Basically they found a couple things:
The Sally-Anne test requires very high receptive language skills. If
you tested non-autistic people with specific language impairment, they
did just as badly on it as autistic people. The constructions of "what
does he think that she thinks" and so forth are some of the most
complex in the English language.
Someone else did a study where they studied autistic children's
performance on a similar false-belief task, but the task required
drawing instead of language. On that task, autistic children did as
well as or slightly better than non-autistic people.
I can try to find the cites at some point but that's my answer to what Norwaymom asked for the meantime.
I believe that. My daughters would fail the Sally Anne test because they wouldn't be able to comprehend the scenario. It does sound a bit complex to describe to a kid who still struggles with wh* questions and until recently, pronouns. I actually have a hard time believing that even NT four year olds can take in that scenario and process it.
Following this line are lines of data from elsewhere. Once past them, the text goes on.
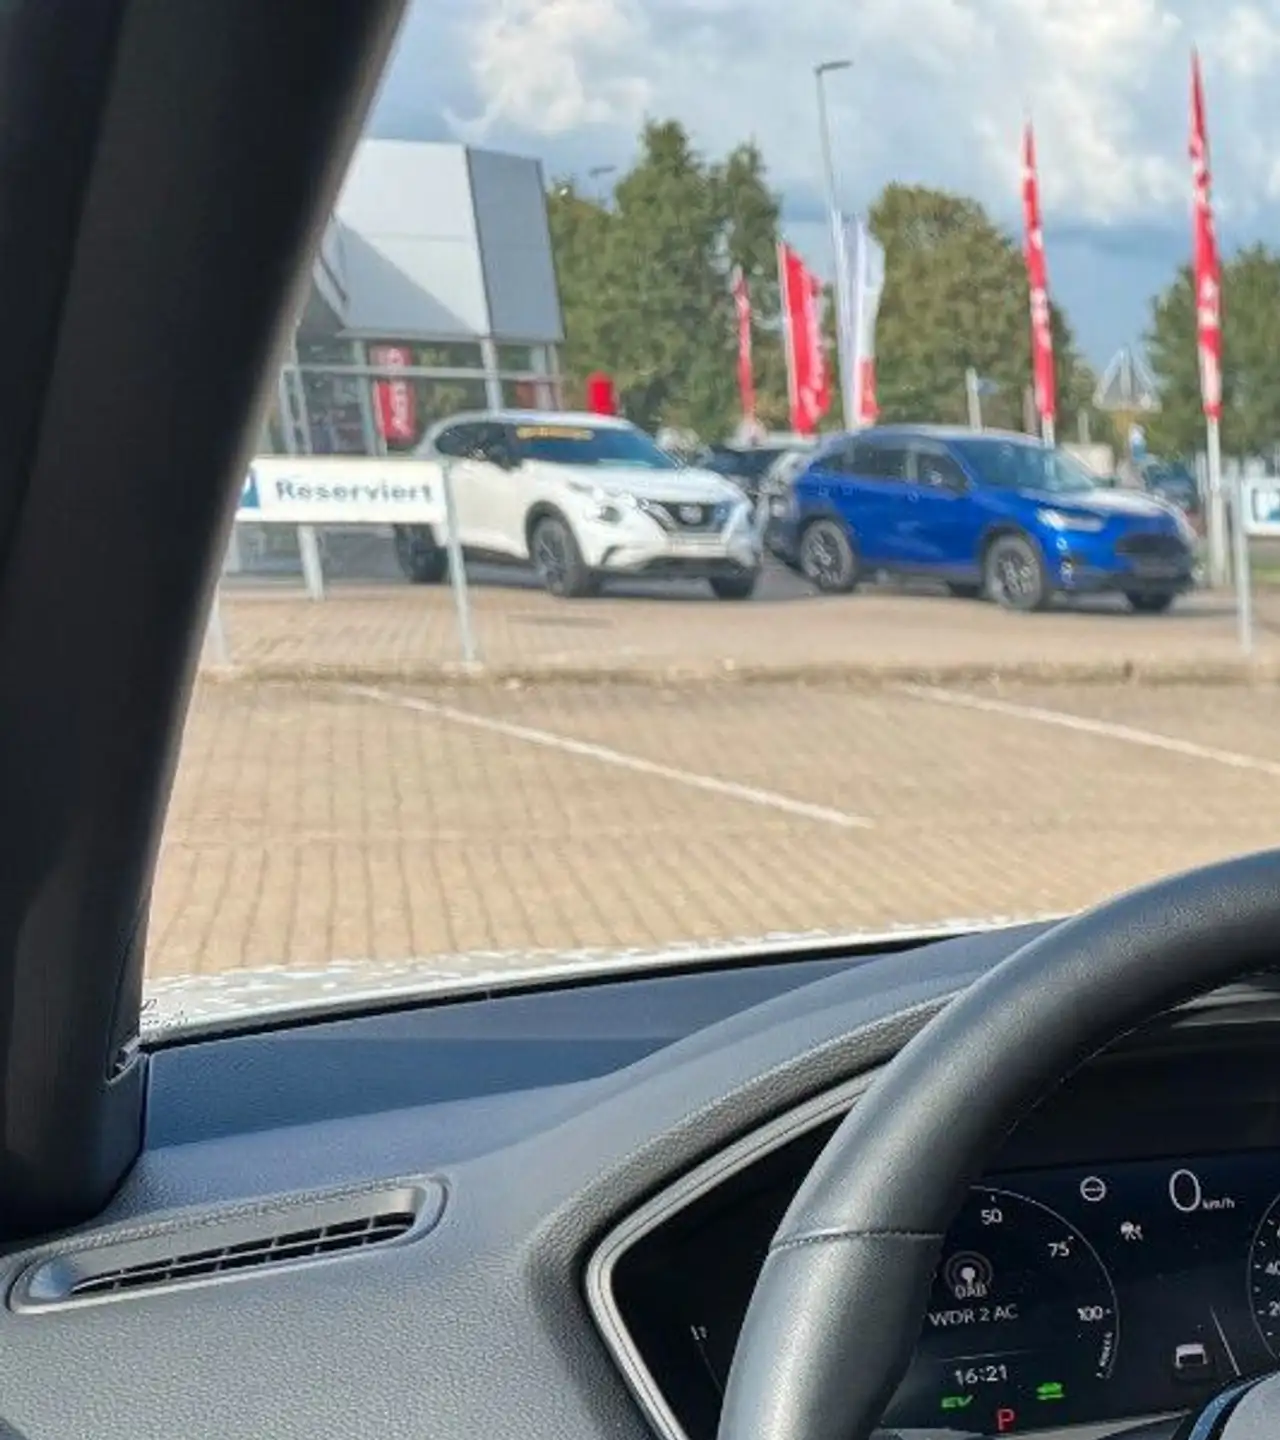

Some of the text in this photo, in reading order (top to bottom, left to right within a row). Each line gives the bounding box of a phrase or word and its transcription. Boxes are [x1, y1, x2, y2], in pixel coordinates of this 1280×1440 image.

[275, 478, 434, 502] Reserviert
[1168, 1168, 1235, 1212] 0 km/h
[980, 1209, 1003, 1226] 50
[1048, 1242, 1070, 1258] 75
[928, 1303, 1020, 1328] WDR 2 AC
[1077, 1306, 1103, 1323] 100
[954, 1363, 1008, 1386] 16:21
[940, 1394, 974, 1409] EV
[996, 1408, 1015, 1431] P
Thanks for getting back to me on this, gtto. I've been off line a couple days getting ready for and celebrating Norway's National Day (May 17th), so I missed this until today.
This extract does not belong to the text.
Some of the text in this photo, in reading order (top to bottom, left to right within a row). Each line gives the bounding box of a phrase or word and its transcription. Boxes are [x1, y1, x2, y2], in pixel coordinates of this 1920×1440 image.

I've tried to do a home variation of this test with my son when he was 8-1/2, and he didn't answer correctly even when I explained it and gave him a couple more tries. He just got frustrated.
I never thought about the linguistic challenges of the test.
Thanks again.
P.S. Anyone wondering what the Sally-Anne test is can read about it on Wikipedia. They also include a link to a parody test, where the puppet who hides the ball is diagnosed as NT, with problematic behavior (manipulative and deceitful) and Theory of Mind problems because he actually can't understand why his antics aren't funny for the other person...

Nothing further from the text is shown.